Just in case you've not read all the stuff above, I'll net it out here. The announcement states that
- IE8 will render sites as IE7 by default
In order to trigger a more standards-compliant rendering of your site for IE8 browsers, you must do one of the following:
- Add a META tag to your document header
- Make an adjustment to your web server
- Declare your document as HTML5
The Scenario
To demonstrate a positive aspect of this change, I created the following scenario in a comment on Roger Johannsen's site and I'll repeat it again here:
- You're running a Fortune 500 Company's IT Department
- You have eight separate intranets in six different states with 160,000 total pages including the old Lotus Notes-based knowledge base, a forward-facing internet site with 5,000 pages, an extranet for customers and an extranet for suppliers
- You've committed to the CEO to replace the Notes database and consolidate the intranet sites, re-brand the internet and add eighteen features to the extranets
- Then IE8 beta is unleashed on the world
The Status Quo Fallout
Since the IE8 rendering engine is redesigned to be more standards-compliant, Microsoft anticipates that this would break the web, and in our scenario, all your sites would render "properly" in IE7 and "improperly" in IE8. I use these terms because visually, the sites look correct but are not truly standards-compliant in IE7 and look broken but are more standards-compliant in IE8.
In your view, IE8 broke your site. In your customer's view, your site is simply broken. This is the core issue being addressed by Microsoft.

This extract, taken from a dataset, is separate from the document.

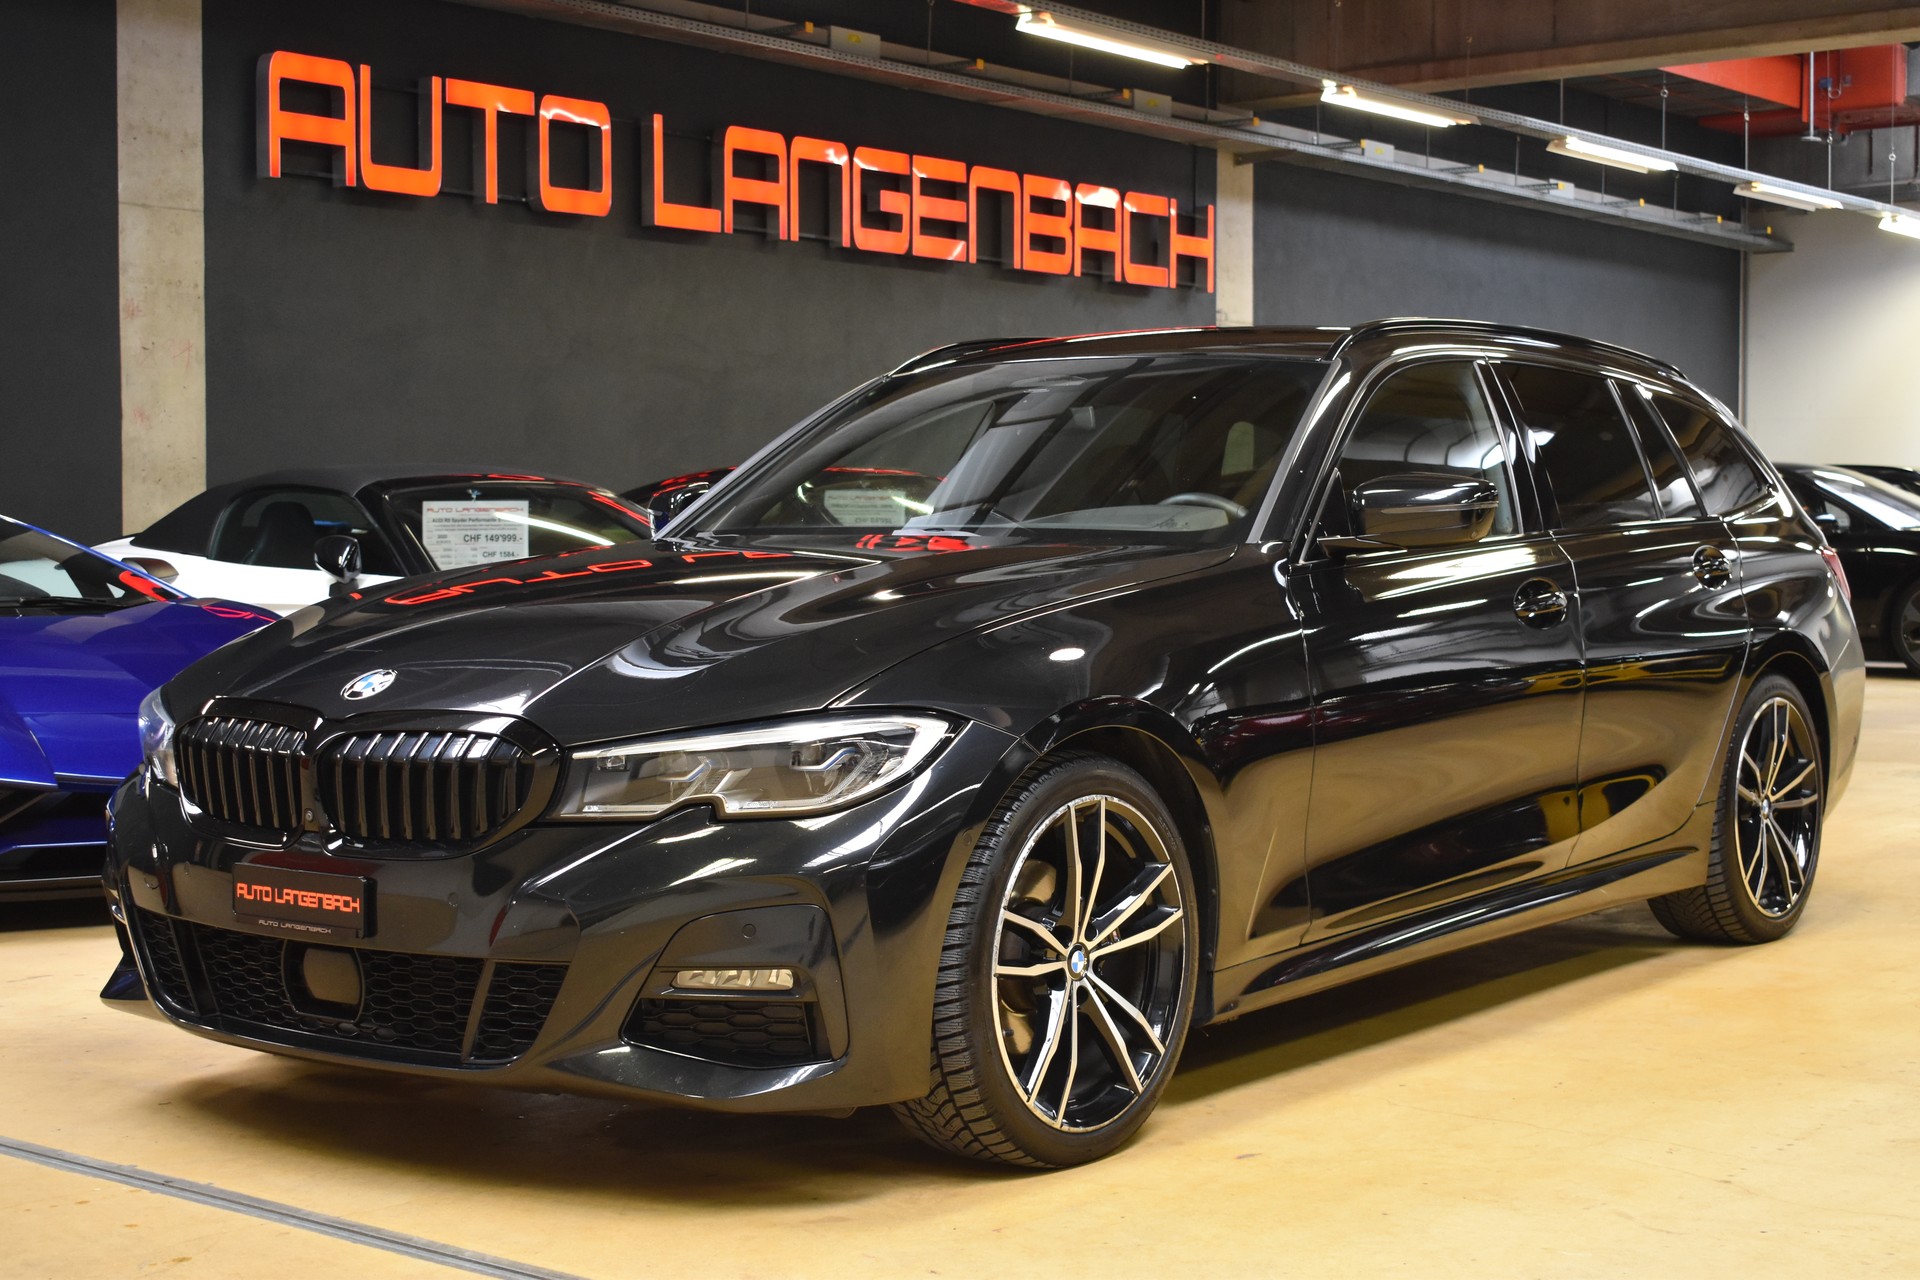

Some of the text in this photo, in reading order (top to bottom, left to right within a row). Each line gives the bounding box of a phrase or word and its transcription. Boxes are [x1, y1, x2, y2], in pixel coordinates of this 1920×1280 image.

If IE8 rolls out just like all its predecessors, what I just described is the most likely scenario. Employees, customers, vendors, internet visitors, and your boss would start reporting that your site is broken when viewed with the new IE8 browser and you should fix it right away. In this scenario you must put programs on hold while you go back into your legacy systems and fix them to accommodate the IE8 browser that broke all your websites.
Microsoft's Solution
Microsoft wants to turn status quo around 180 degrees. With IE8, the default behavior will be to render web sites as if the visitor were using IE7. With this change, the fallout of the introduction of IE8 will be this:
Nothing.
Employees, customers, internet visitors will visit and use your websites with the new IE8 browser and there will be no alteration in the way the sites are visually rendered. Without any effort whatsoever your site will remain visually unchanged with the new IE8 browser. Your web team can evaluate the impact of the new browser, make adjustments as time permits, and update the sites to include new IE8 features in your company's time frame, not Microsoft's. The power to enable IE8 rendering moves from the client browser to the content producer.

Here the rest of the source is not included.